Use of intrathecal rituximab in autoimmune epilepsy: A retrospective study

Abstract

Background

Autoimmune encephalitis (AE) is a significant challenge in neurological practice, often proving refractory to conventional treatments. It typically manifests with recurrent seizures or status epilepticus, necessitating early diagnosis and tailored therapy for optimal outcomes. Early institution of effective treatment has been reported to reduce the mortality and morbidity associated with this condition. A subpopulation presenting with acute seizures due to autoimmune encephalitis later develop chronic epilepsy, which can be refractory to conventional modes of treatments. In addition, there is a group of chronic epilepsy patients who did not have acute symptomatic seizures who have autoimmune antibodies suggesting an immunological origin of their seizures. This study aims at evaluating the use of rituximab administered intrathecally, for treating these patients, taking pharmacodynamic properties into account.

Materials and methods

We retrospectively evaluated the efficacy and safety of intrathecal rituximab (ITR) in 15 patients with autoimmune-related epilepsy (9 of them with acute presentation with seizures and 6 with chronic intractable epilepsy).

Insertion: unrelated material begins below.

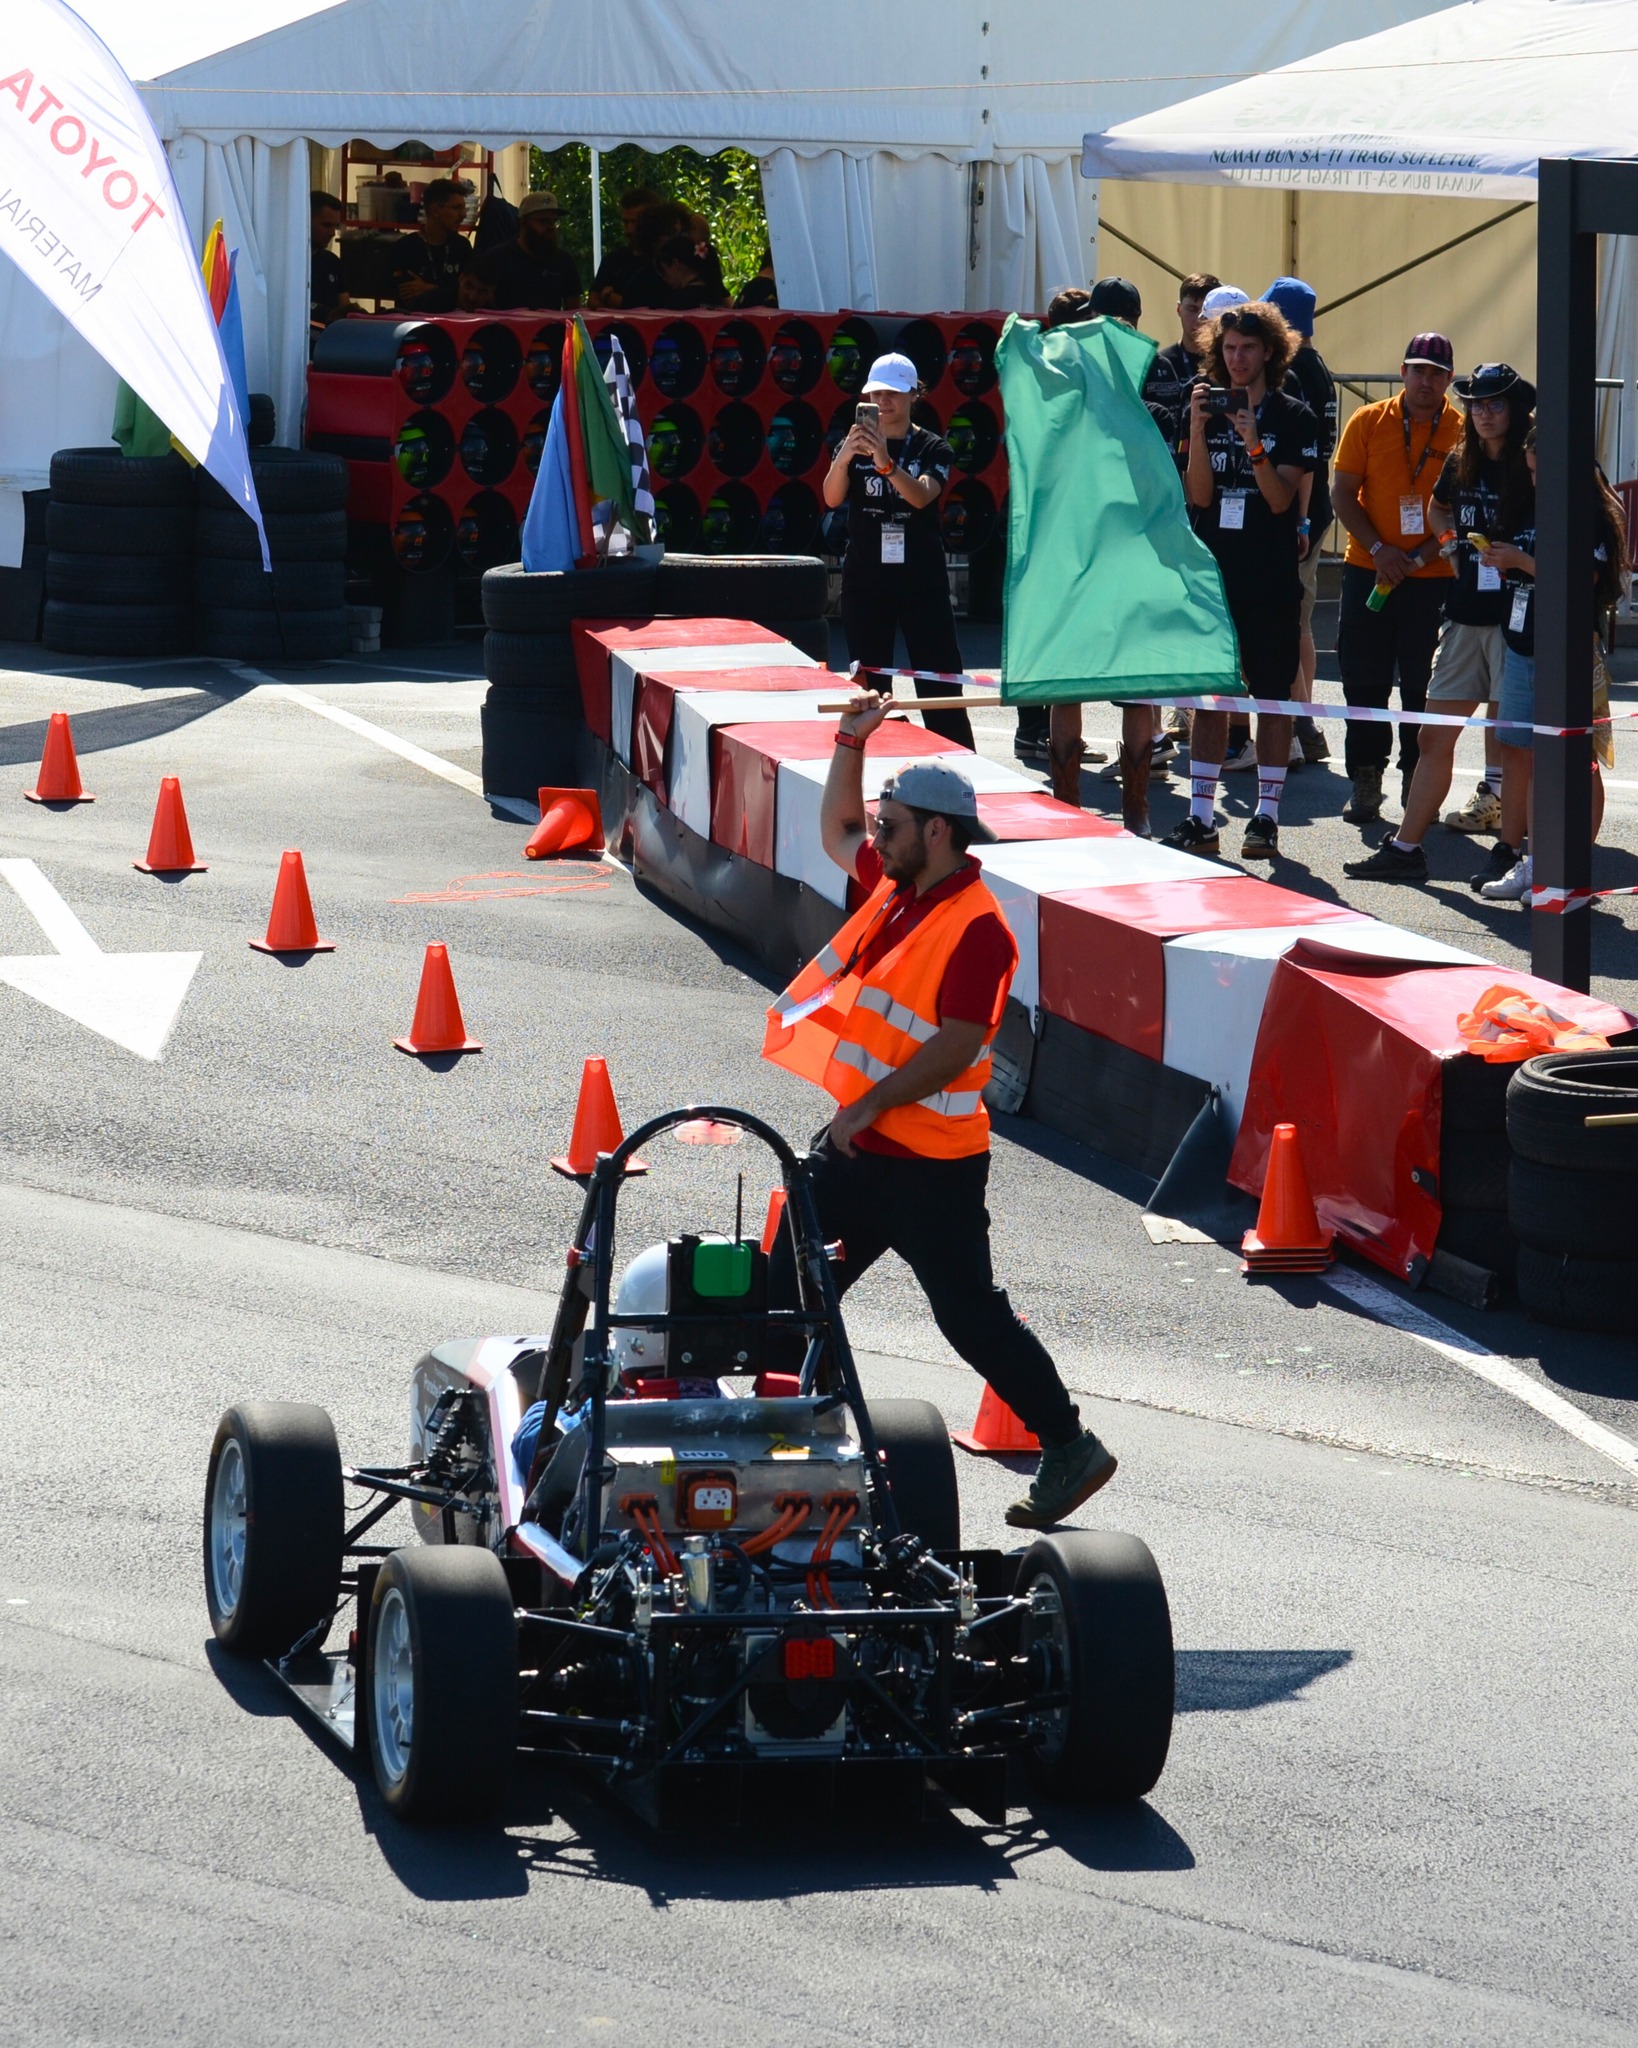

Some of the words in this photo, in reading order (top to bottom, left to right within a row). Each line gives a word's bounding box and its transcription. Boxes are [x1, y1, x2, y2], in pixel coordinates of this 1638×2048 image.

[1209, 149, 1261, 164] NUMAI
[1265, 149, 1297, 163] BUN
[1349, 149, 1396, 164] TRAGI

The nature of these seizures, laboratory findings, imaging and EEG findings were compared over the course of treatment and follow up.

Results

No significant long term side effects related to administration of ITR were noted in the 15 patients reported in this series. Improvement was noted in seizure control in the majority of the patients, especially in the acute presentation category, although definitive conclusions about efficacy could not be made since these patients were also receiving additional modes of therapies. Better seizure control was noted in all patients in 12 months follow up.

Conclusions

Our findings underscore the safety of intrathecal rituximab in treating autoimmune-related status epilepticus and refractory epilepsy related to autoimmune etiology.